In the copy, include no images, and repeat each entry precisely as written.

[Opening Exercise materials section]

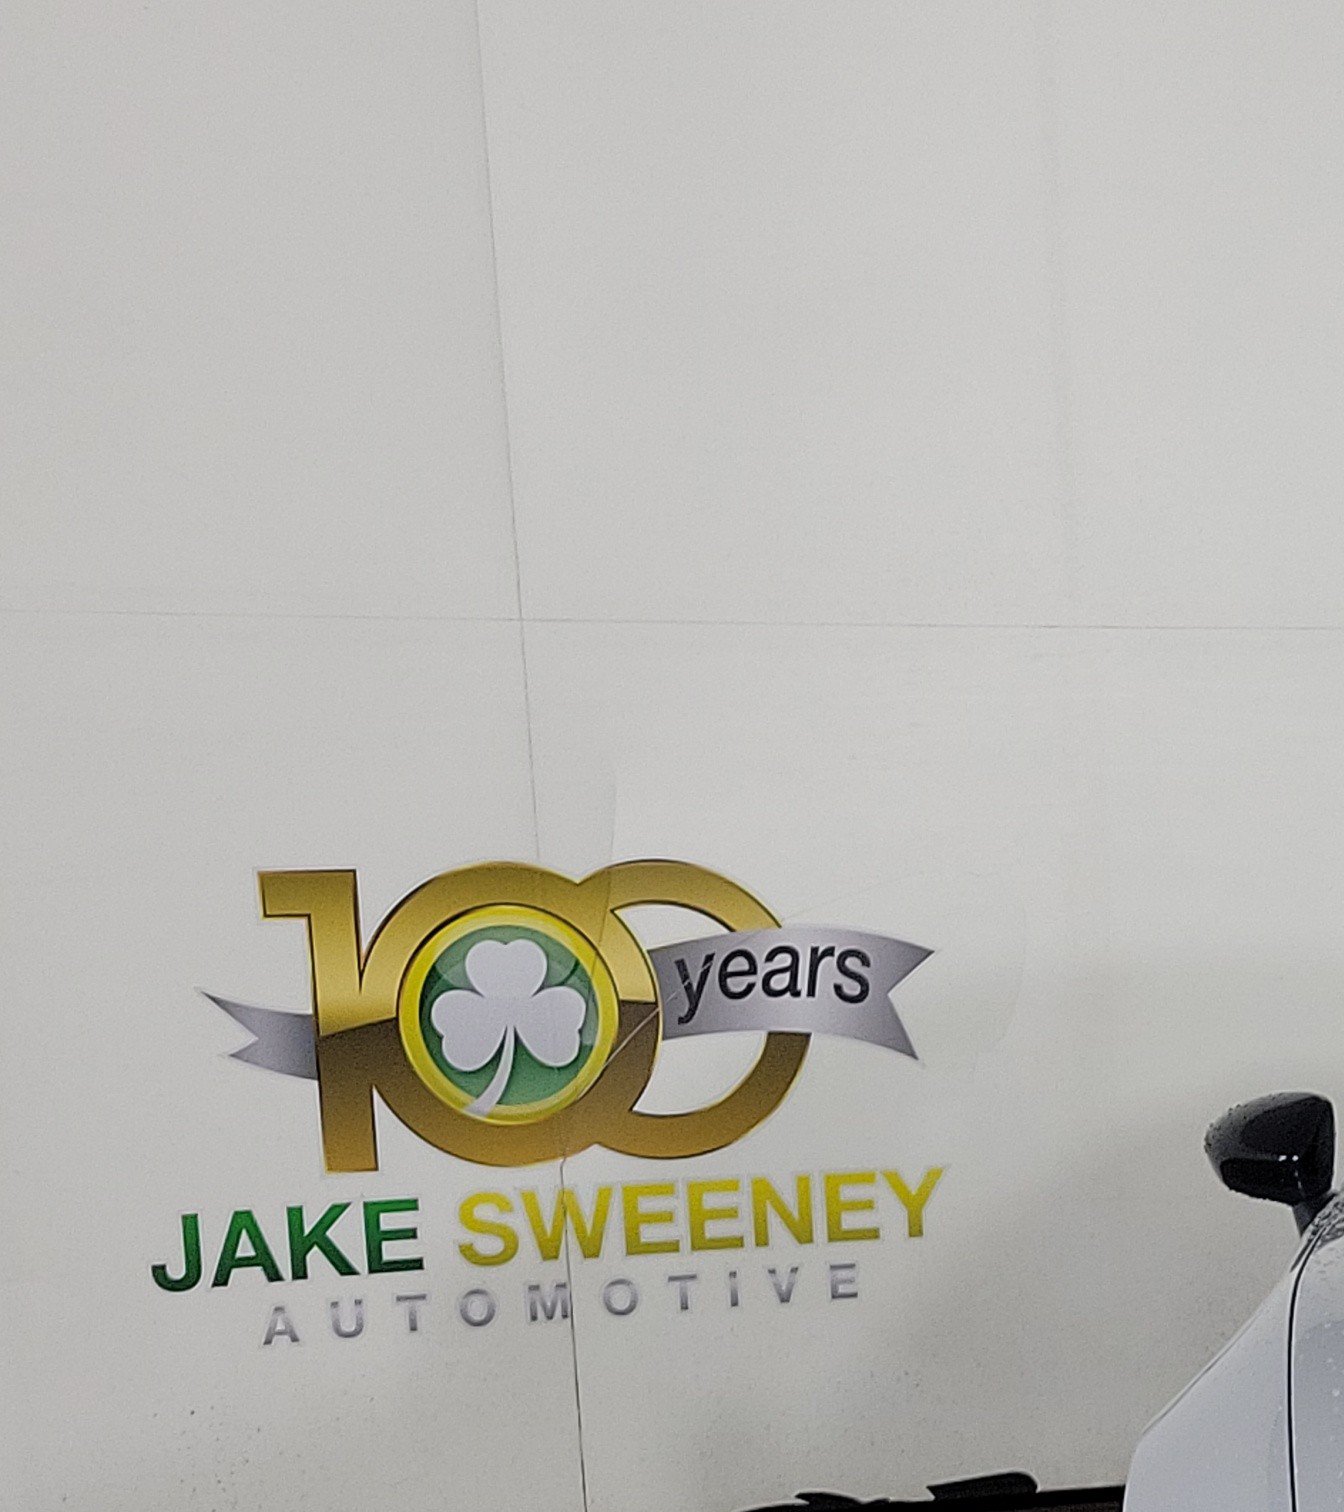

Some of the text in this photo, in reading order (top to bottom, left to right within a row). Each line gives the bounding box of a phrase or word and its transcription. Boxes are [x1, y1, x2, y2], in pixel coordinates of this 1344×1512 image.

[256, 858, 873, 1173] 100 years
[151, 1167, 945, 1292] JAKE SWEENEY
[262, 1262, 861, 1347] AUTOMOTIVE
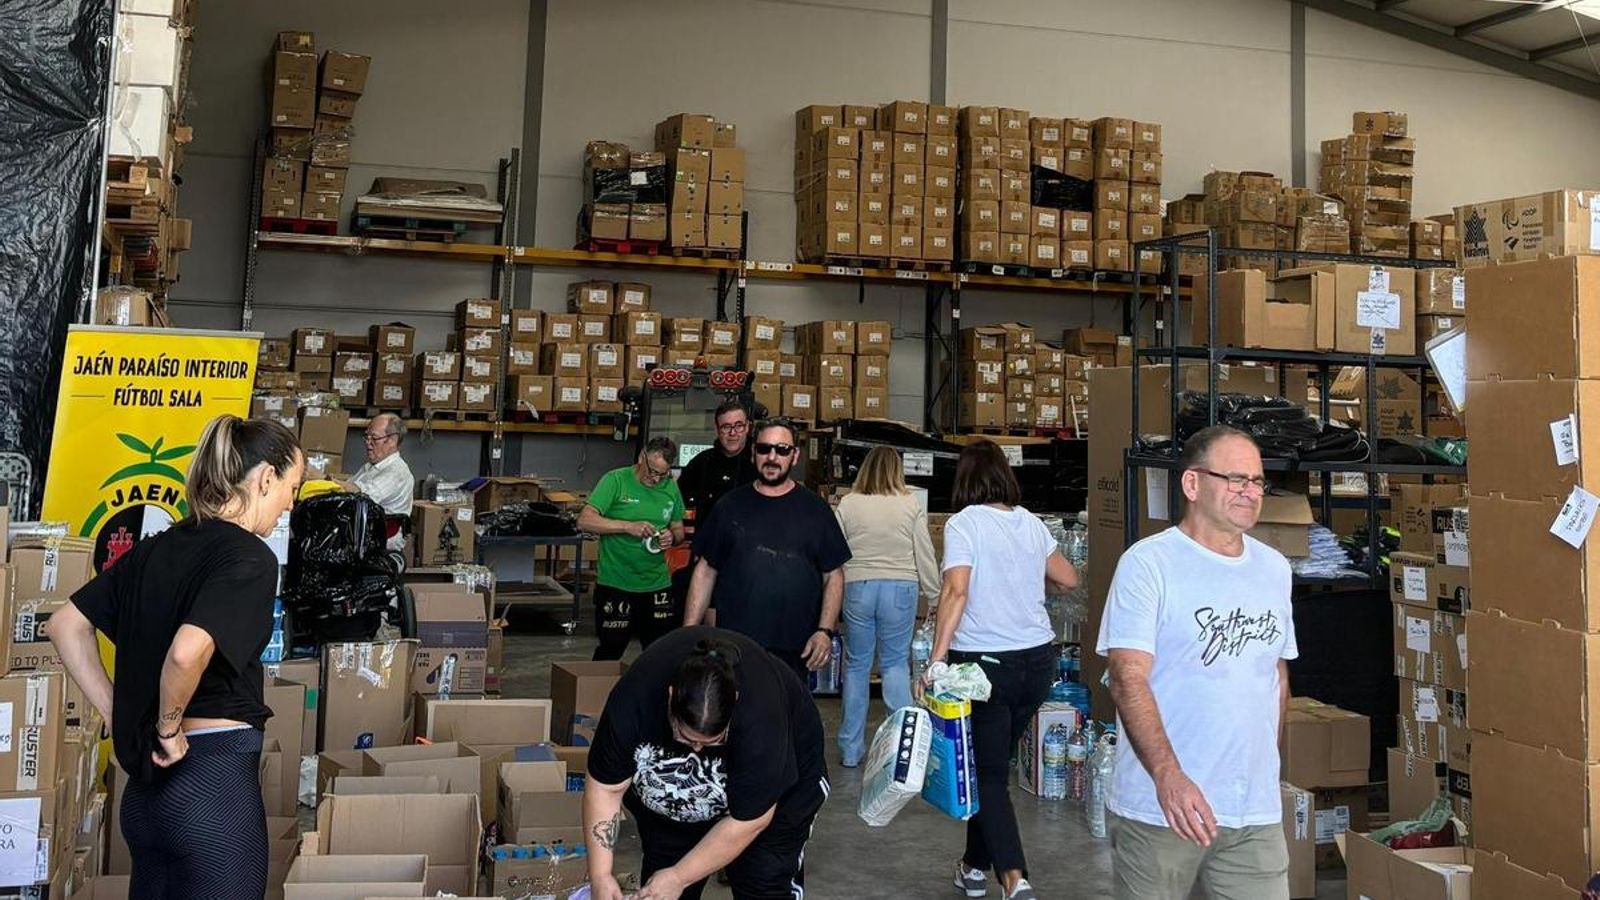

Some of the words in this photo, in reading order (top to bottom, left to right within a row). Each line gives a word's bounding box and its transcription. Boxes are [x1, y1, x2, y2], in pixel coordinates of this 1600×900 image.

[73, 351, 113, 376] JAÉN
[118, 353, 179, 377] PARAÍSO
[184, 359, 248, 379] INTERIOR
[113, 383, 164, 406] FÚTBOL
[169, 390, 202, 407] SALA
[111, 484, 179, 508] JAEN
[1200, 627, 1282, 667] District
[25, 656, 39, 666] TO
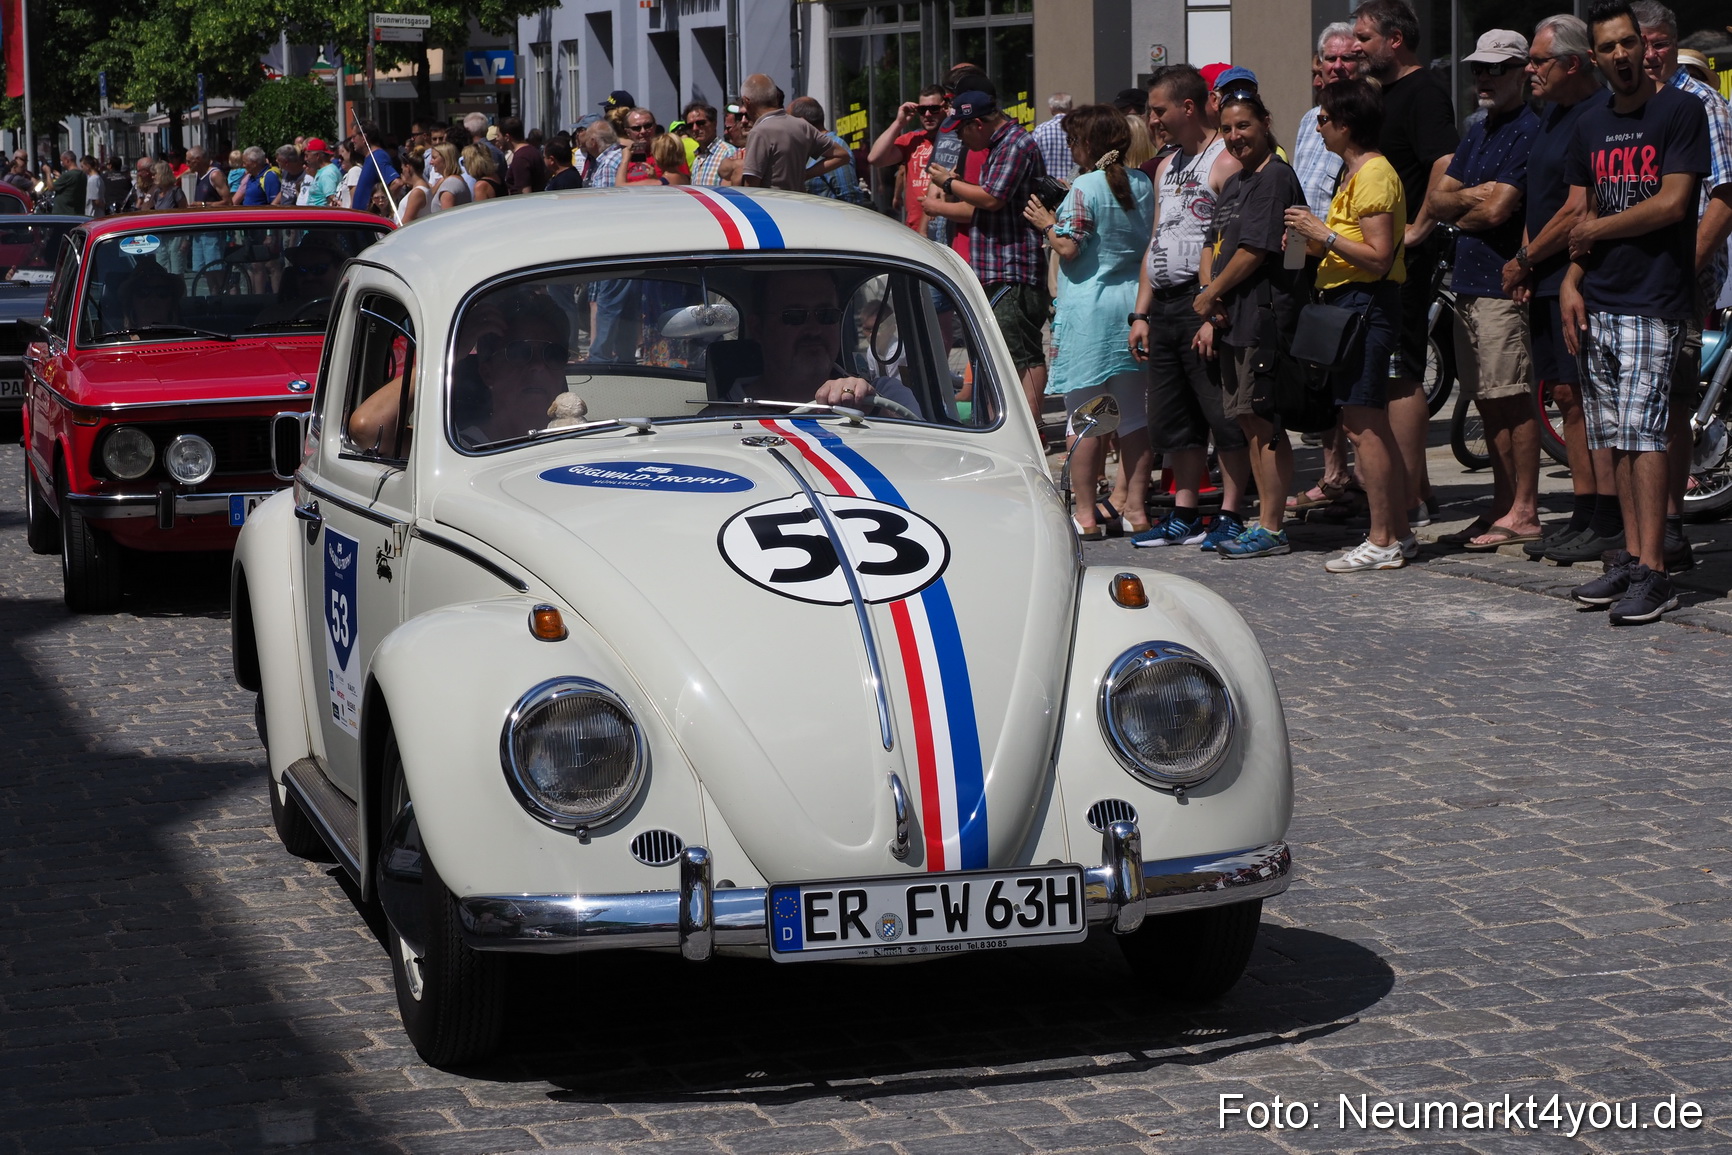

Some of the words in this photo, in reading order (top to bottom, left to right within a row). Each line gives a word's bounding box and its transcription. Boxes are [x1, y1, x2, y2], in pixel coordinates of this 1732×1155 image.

[Closing Exercise materials section]

§ Response area
Some of the text in this photo, in reading order (top to bottom, left to right within a row). Each line gives the bounding box of a phrase or word and its transcription. Boxes are [x1, y1, x2, y2], in pixel coordinates of this 1344×1512 image.

[256, 858, 873, 1173] 100 years
[151, 1167, 945, 1292] JAKE SWEENEY
[262, 1262, 861, 1347] AUTOMOTIVE

Some of the words in this photo, in reading order (top to bottom, left to right within a row). Each line gives a word's bounding box and its transcription. Boxes are [x1, y1, x2, y2], in pixel coordinates of this 1600×900 image.

[73, 351, 113, 376] JAÉN
[118, 353, 179, 377] PARAÍSO
[184, 359, 248, 379] INTERIOR
[113, 383, 164, 406] FÚTBOL
[169, 390, 202, 407] SALA
[111, 484, 179, 508] JAEN
[1200, 627, 1282, 667] District
[25, 656, 39, 666] TO

Some of the words in this photo, in reading order (top to bottom, left to right within a row). Each line gives a word's bounding box and its transcription. Boxes are [x1, y1, x2, y2], in pixel coordinates of this 1732×1155 image.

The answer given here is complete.